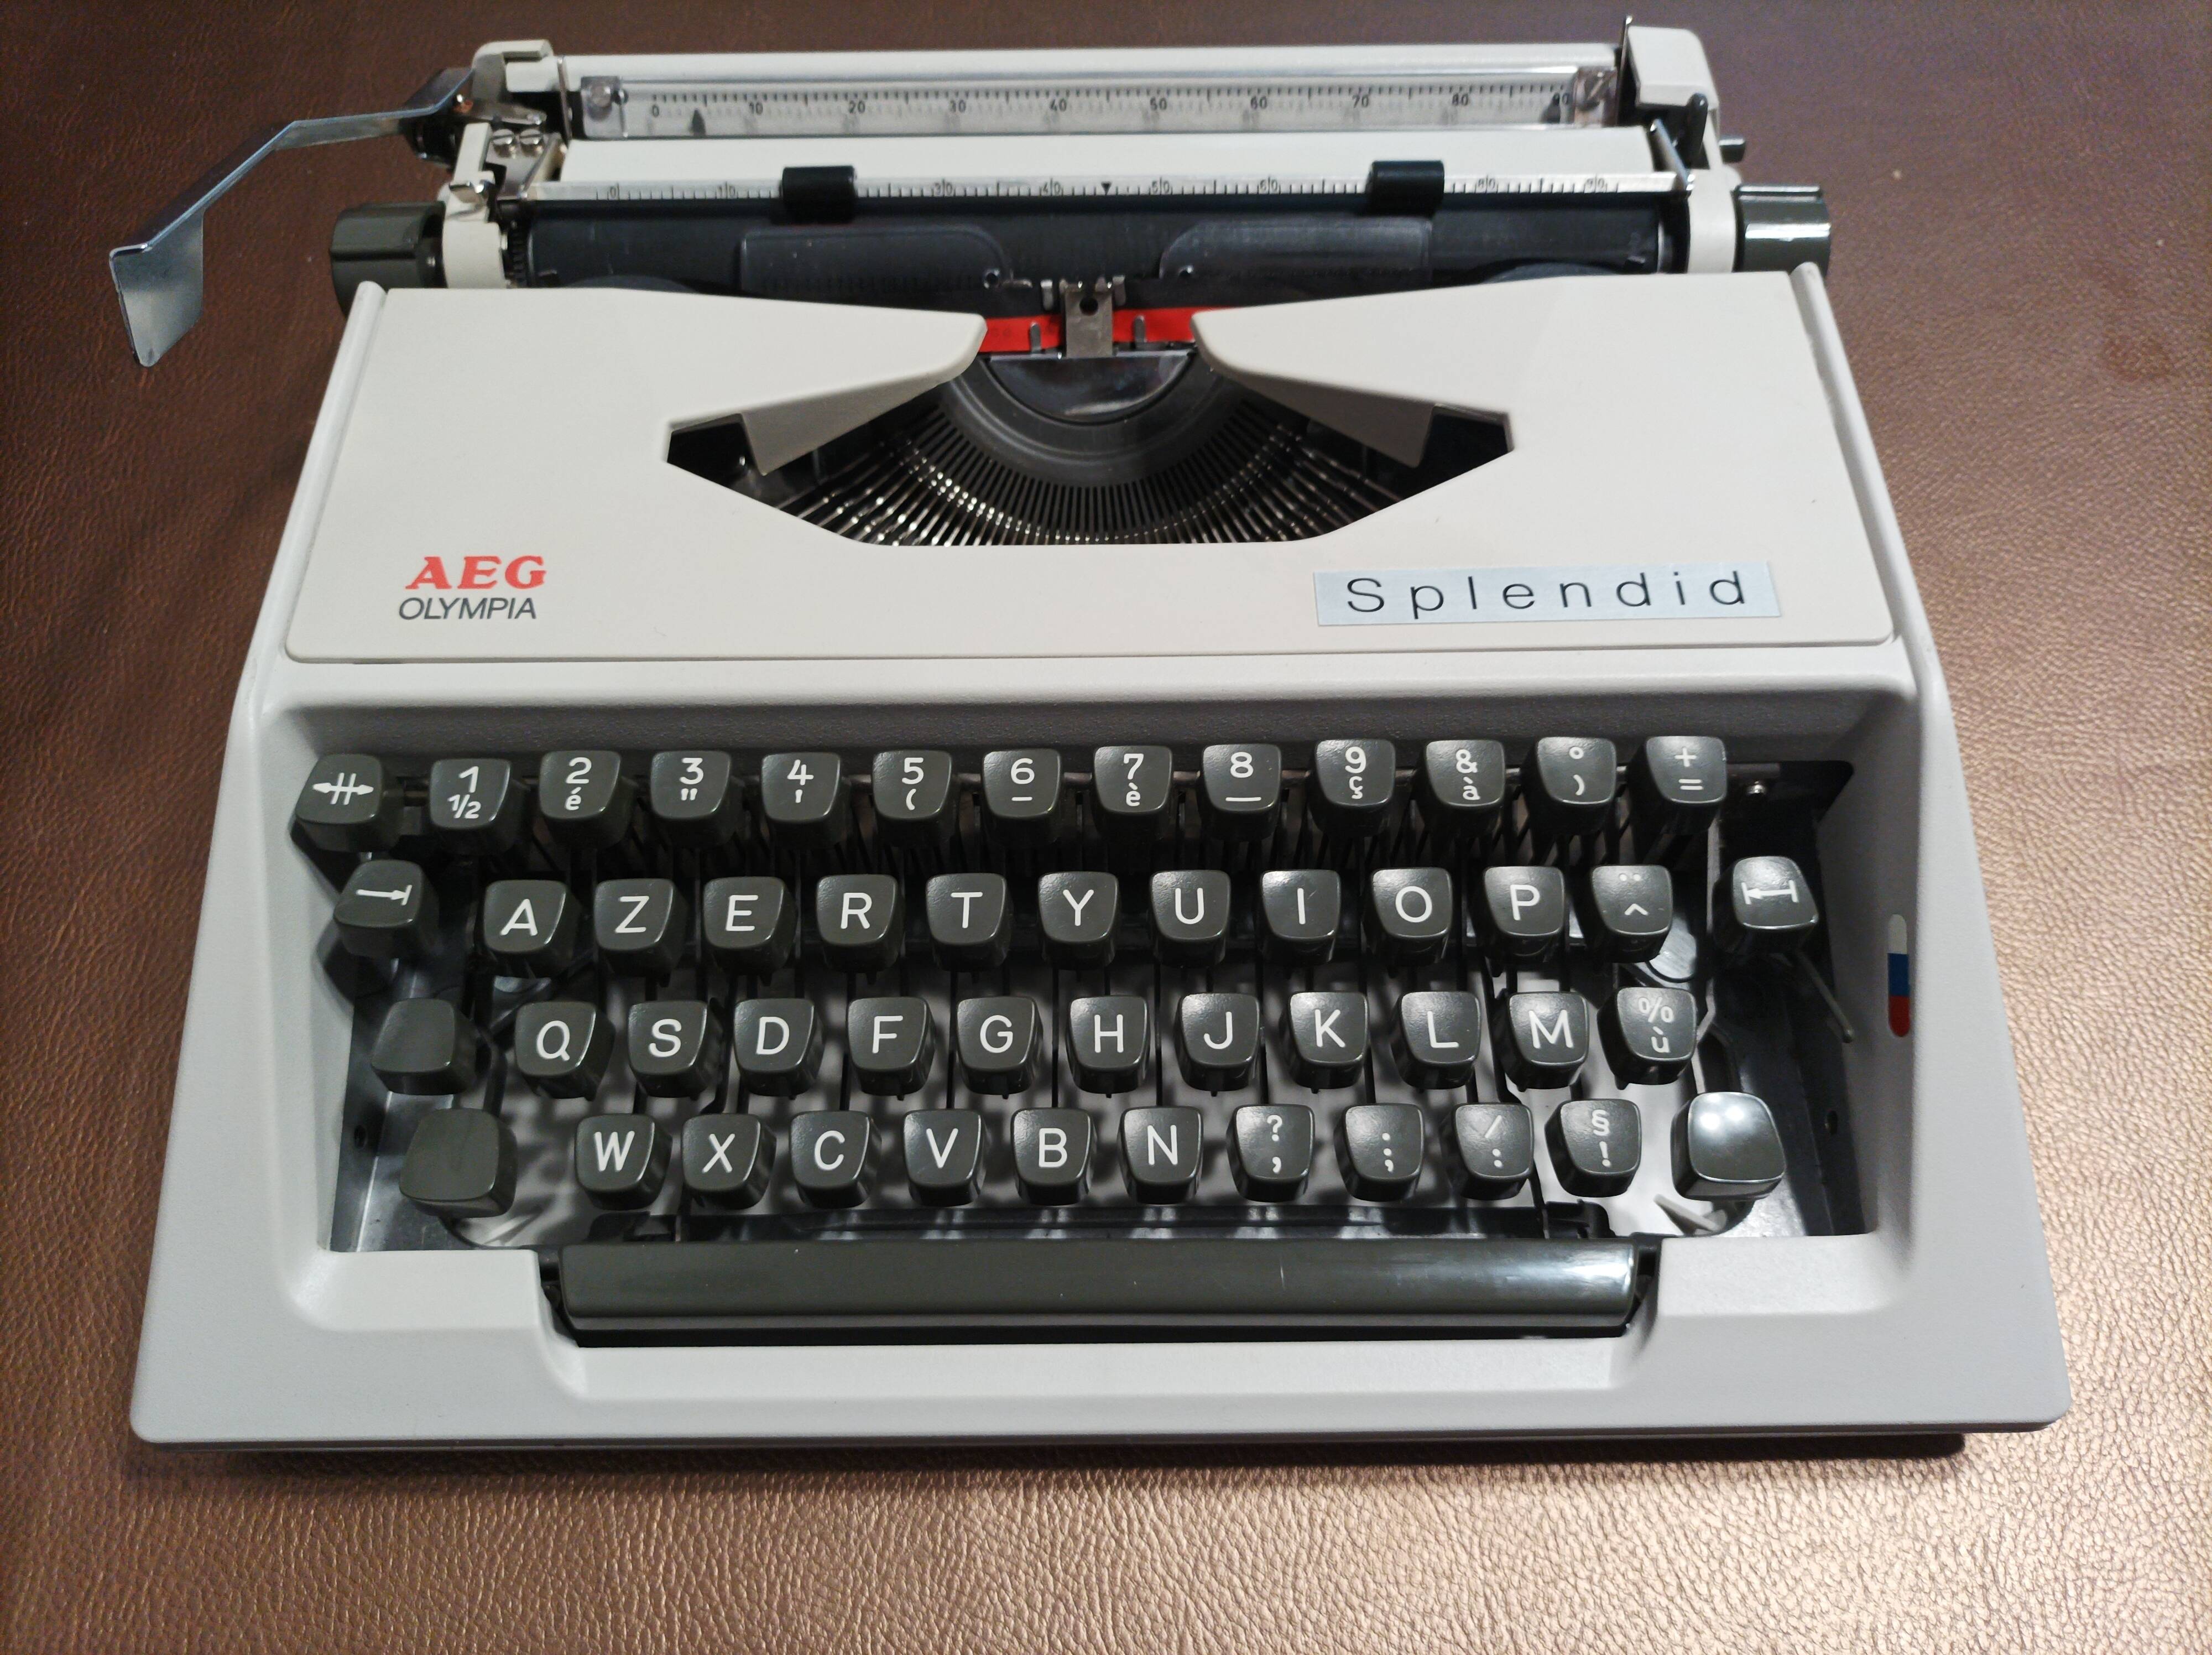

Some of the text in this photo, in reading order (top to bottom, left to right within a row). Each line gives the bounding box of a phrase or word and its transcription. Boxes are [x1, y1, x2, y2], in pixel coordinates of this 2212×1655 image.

[652, 105, 660, 118] 0
[749, 102, 763, 115] 10
[849, 101, 865, 113] 20
[949, 99, 966, 113] 30
[1050, 98, 1067, 112] 40
[1150, 97, 1167, 111] 50
[1250, 96, 1267, 110] 60
[1352, 95, 1369, 108] 70
[1452, 93, 1468, 106] 80
[405, 555, 547, 589] AEG
[399, 597, 536, 620] OLYMPIA
[1346, 570, 1745, 620] Splendid
[565, 757, 592, 784] 2
[680, 758, 704, 784] 3
[902, 757, 924, 784] 5
[1010, 758, 1035, 784] 6
[1123, 753, 1144, 780] 7
[1230, 752, 1254, 778] 8
[1345, 747, 1366, 774] 9
[1455, 750, 1478, 773] &
[1675, 748, 1697, 767] +
[458, 766, 479, 793] 1
[787, 759, 814, 785] 4
[1574, 774, 1585, 796] )
[1678, 778, 1704, 790] =
[565, 787, 581, 810] é
[906, 789, 916, 810] (
[1126, 783, 1140, 806] è
[1349, 776, 1363, 799] ç
[1462, 777, 1480, 800] à
[614, 896, 649, 933] Z
[726, 894, 759, 931] E
[841, 892, 872, 929] R
[951, 892, 983, 929] T
[1063, 889, 1094, 926] Y
[1175, 888, 1205, 925] U
[1297, 888, 1306, 925] I
[1395, 886, 1433, 923] O
[1510, 884, 1540, 920] P
[500, 899, 538, 936] A
[1638, 996, 1674, 1023] %
[536, 1021, 570, 1062] Q
[649, 1019, 682, 1058] S
[755, 1016, 790, 1055] D
[872, 1015, 903, 1053] F
[980, 1015, 1014, 1053] G
[1094, 1014, 1124, 1053] H
[1203, 1011, 1232, 1050] J
[1314, 1009, 1345, 1047] K
[1427, 1011, 1459, 1048] L
[1528, 1009, 1574, 1049] M
[1651, 1026, 1670, 1053] ù
[1266, 1115, 1283, 1142] ?
[1485, 1115, 1503, 1138] /
[1592, 1109, 1610, 1136] §
[593, 1130, 635, 1172] W
[702, 1133, 735, 1173] X
[813, 1130, 846, 1170] C
[926, 1128, 958, 1169] V
[1039, 1128, 1068, 1168] B
[1147, 1125, 1178, 1165] N
[1492, 1148, 1503, 1168] :
[1599, 1141, 1611, 1167] !
[1272, 1156, 1281, 1174] ,
[1383, 1148, 1395, 1173] ;

::::::

# Exercise instructions
Repeat the material above exactly. Leave every picture out of it.

# Written solution
Some of the text in this photo, in reading order (top to bottom, left to right within a row). Each line gives the bounding box of a phrase or word and its transcription. Boxes are [x1, y1, x2, y2], in pixel coordinates of this 2212×1655 image.

[652, 105, 660, 118] 0
[749, 102, 763, 115] 10
[849, 101, 865, 113] 20
[949, 99, 966, 113] 30
[1050, 98, 1067, 112] 40
[1150, 97, 1167, 111] 50
[1250, 96, 1267, 110] 60
[1352, 95, 1369, 108] 70
[1452, 93, 1468, 106] 80
[405, 555, 547, 589] AEG
[399, 597, 536, 620] OLYMPIA
[1346, 570, 1745, 620] Splendid
[565, 757, 592, 784] 2
[680, 758, 704, 784] 3
[902, 757, 924, 784] 5
[1010, 758, 1035, 784] 6
[1123, 753, 1144, 780] 7
[1230, 752, 1254, 778] 8
[1345, 747, 1366, 774] 9
[1455, 750, 1478, 773] &
[1675, 748, 1697, 767] +
[458, 766, 479, 793] 1
[787, 759, 814, 785] 4
[1574, 774, 1585, 796] )
[1678, 778, 1704, 790] =
[565, 787, 581, 810] é
[906, 789, 916, 810] (
[1126, 783, 1140, 806] è
[1349, 776, 1363, 799] ç
[1462, 777, 1480, 800] à
[614, 896, 649, 933] Z
[726, 894, 759, 931] E
[841, 892, 872, 929] R
[951, 892, 983, 929] T
[1063, 889, 1094, 926] Y
[1175, 888, 1205, 925] U
[1297, 888, 1306, 925] I
[1395, 886, 1433, 923] O
[1510, 884, 1540, 920] P
[500, 899, 538, 936] A
[1638, 996, 1674, 1023] %
[536, 1021, 570, 1062] Q
[649, 1019, 682, 1058] S
[755, 1016, 790, 1055] D
[872, 1015, 903, 1053] F
[980, 1015, 1014, 1053] G
[1094, 1014, 1124, 1053] H
[1203, 1011, 1232, 1050] J
[1314, 1009, 1345, 1047] K
[1427, 1011, 1459, 1048] L
[1528, 1009, 1574, 1049] M
[1651, 1026, 1670, 1053] ù
[1266, 1115, 1283, 1142] ?
[1485, 1115, 1503, 1138] /
[1592, 1109, 1610, 1136] §
[593, 1130, 635, 1172] W
[702, 1133, 735, 1173] X
[813, 1130, 846, 1170] C
[926, 1128, 958, 1169] V
[1039, 1128, 1068, 1168] B
[1147, 1125, 1178, 1165] N
[1492, 1148, 1503, 1168] :
[1599, 1141, 1611, 1167] !
[1272, 1156, 1281, 1174] ,
[1383, 1148, 1395, 1173] ;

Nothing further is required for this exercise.